Amber studied her black tights. “Thank you for asking.”
“You can stay with our moth
er until you arrange a marriage.”
She nodded.
“Mal will remain on Earth with his human wife,” Jasper said, ticking off everyone on his fingers. “We will disperse.”
The hell? They were actually going to destroy the company? All because of his little joke?
“What about Flint?” Pyro asked, just to play along.
Alex met his gaze. No judgment stained his two-tone eyes; just cold resolve. “He will do as he wishes, as always.”
“And me?”
“I assume you will also remain on Earth with whatever Earth female you marry.”
“And if I don’t?”
They quit playing around with making their self-destruct plans and stared at him.
“What are you waiting for?” Amber asked bluntly.
Steady Jasper also frowned in confusion. “You have no particular female you want and a plethora of willing lovers.
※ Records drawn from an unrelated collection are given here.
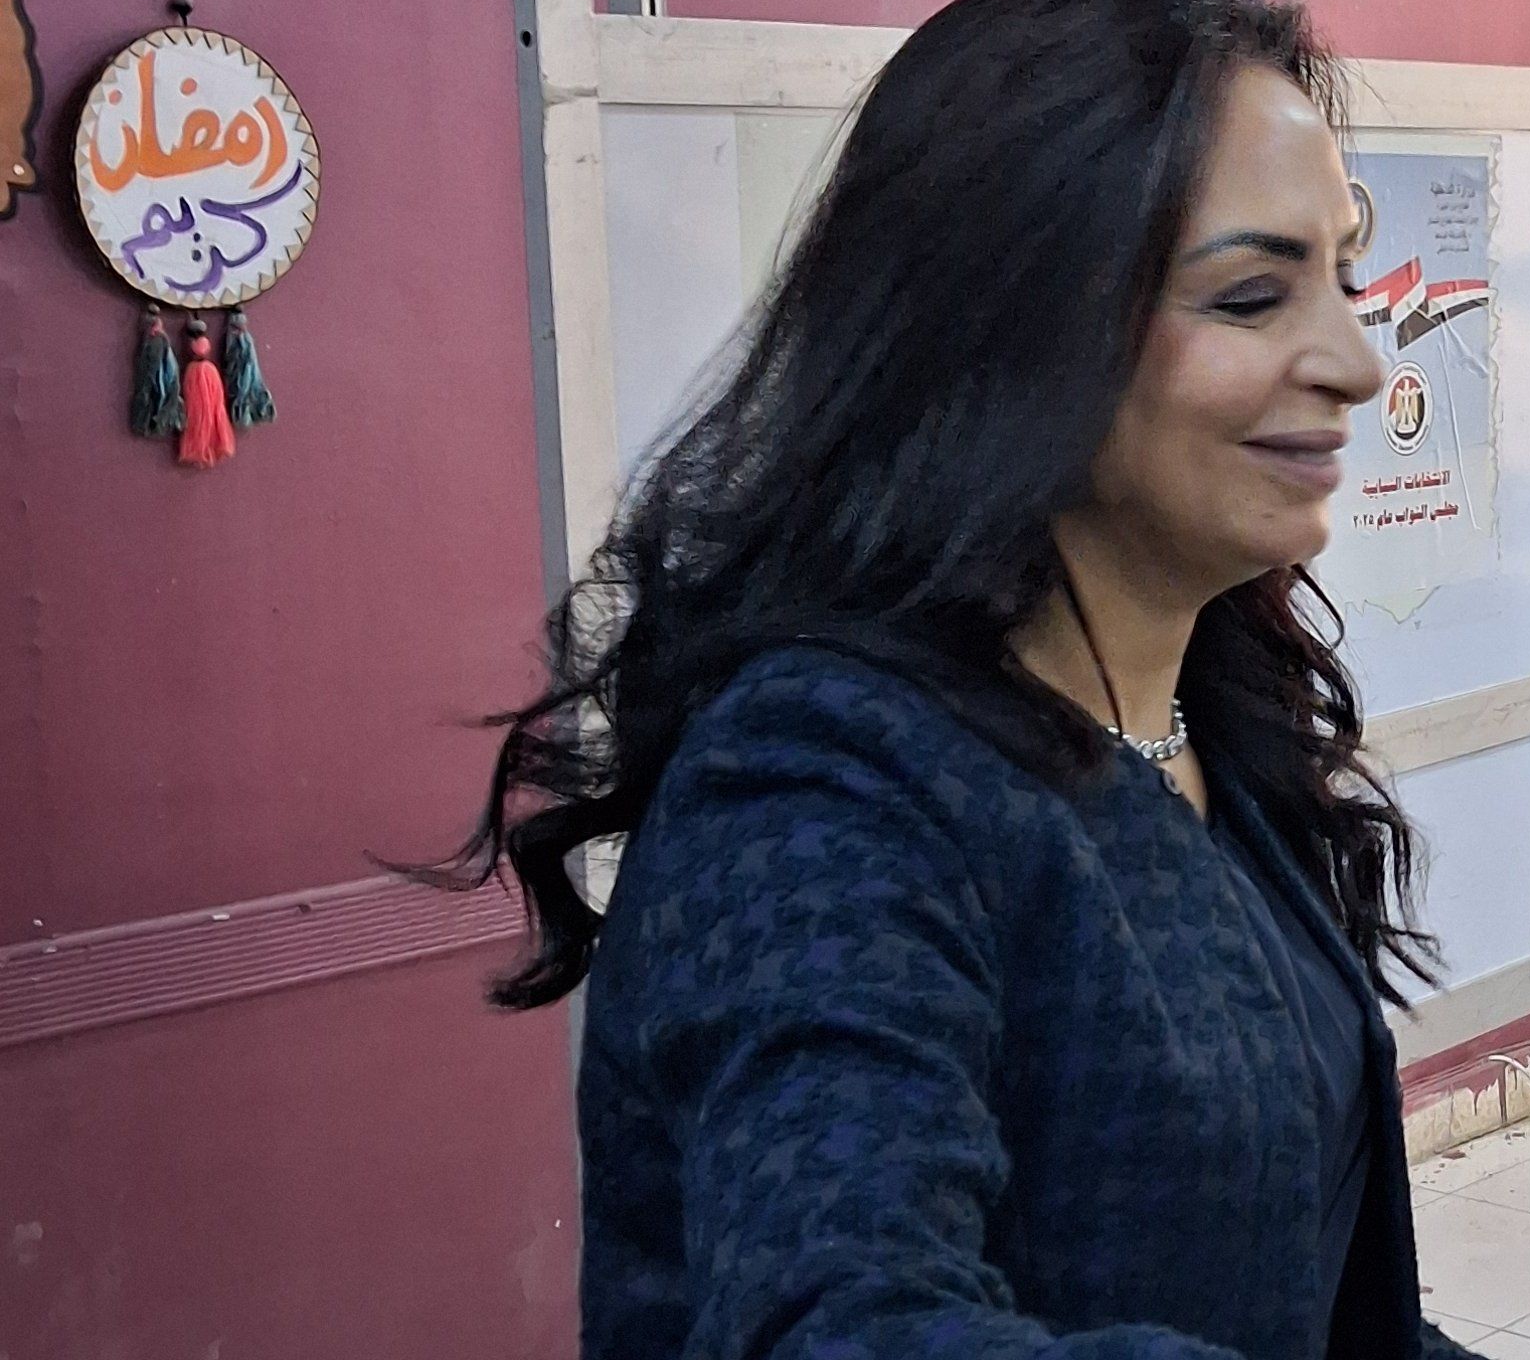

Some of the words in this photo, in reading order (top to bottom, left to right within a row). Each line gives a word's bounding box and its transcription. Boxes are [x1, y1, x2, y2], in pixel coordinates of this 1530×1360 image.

[89, 50, 288, 193] رمضان
[120, 160, 302, 292] كريم
[1361, 475, 1401, 499] النيابية
[1403, 470, 1451, 493] الانتخابات
[1352, 513, 1375, 528] ٢٠٢٥
[1376, 508, 1393, 531] عام
[1395, 503, 1428, 527] النواب
[1429, 500, 1459, 521] مجلس
It should be easy to secure a bride.”
“It’s not that easy.”
“You have a lot of women,” Alex agreed.
“The most of any dragon shifter,” Kyan said.
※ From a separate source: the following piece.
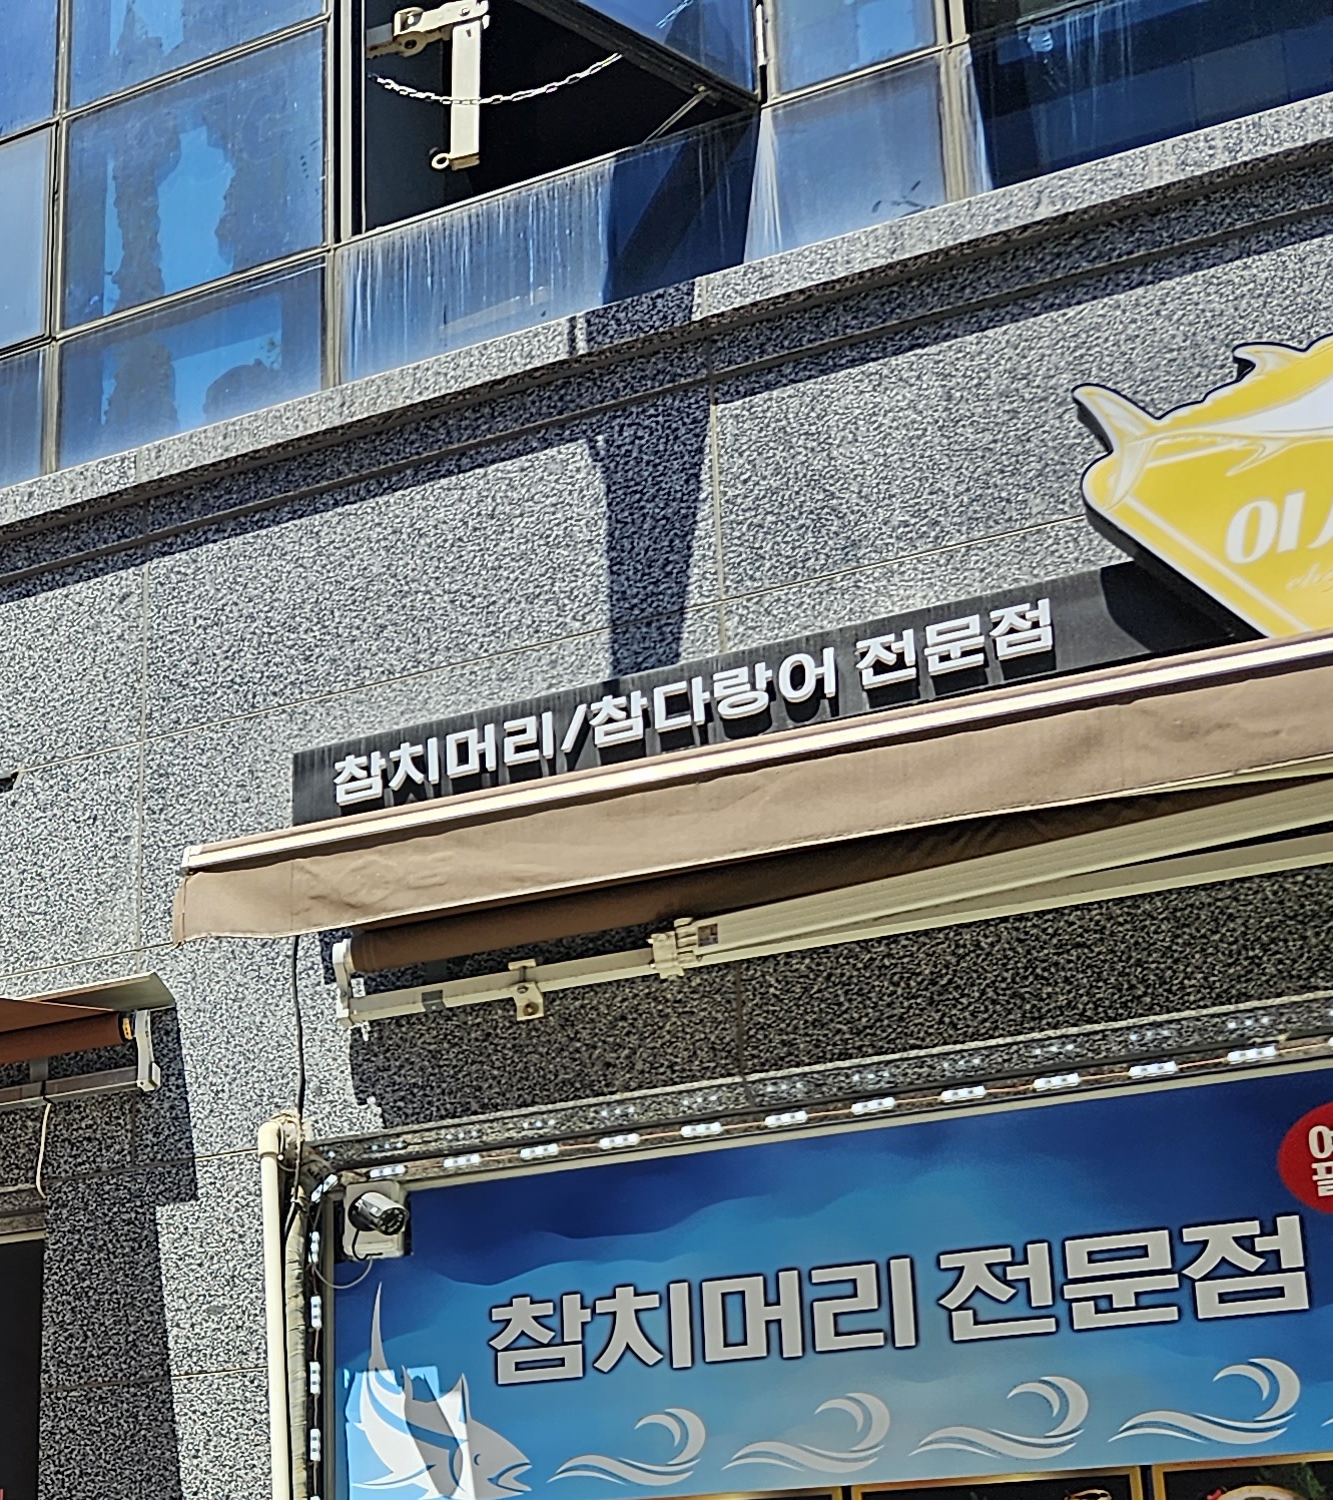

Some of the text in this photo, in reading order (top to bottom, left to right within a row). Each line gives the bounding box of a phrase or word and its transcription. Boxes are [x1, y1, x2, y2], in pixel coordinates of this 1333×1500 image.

[333, 599, 1056, 805] 참치머리/참다랑어 전문점
[487, 1212, 1311, 1386] 참치머리 전문점
“A shocking number,” Alex said.
“Hey,” he said. “They come to me.”
“So don’t be lazy,” Amber said, chiming in. “It might take more time and effort to secure a female than you think.”
“Or I could not bother,” he said. “Become the Empress’s consort.”
Now they stared at him with shock. It was almost insulting. They accepted his suggestion to burn down the company like it meant nothing and then they looked like the world was ending when he said he’d marry the Empress.
Amber finally said aloud what they were all clearly thinking. “Do you have a death wish?”
He shrugged one shoulder. The rush of familiar adrenaline crackled under his skin, radioactive. “I’d be an aristocrat.”
“You hate aristocrats.”
“But as the highest one, I could order the rest around.”
Amber frowned. “You won’t last a week.”
“Aw, come on. Worried about the Empress? I know how to please females.”
Jasper and Alex both shook their heads furiously. Kyan looked at his phone as if he’d just received an urgent security call.
“She’s barely female,” Alex finally said.
At the same time, Amber made an un-dragonlike snort of disbelief. “You? Please females?”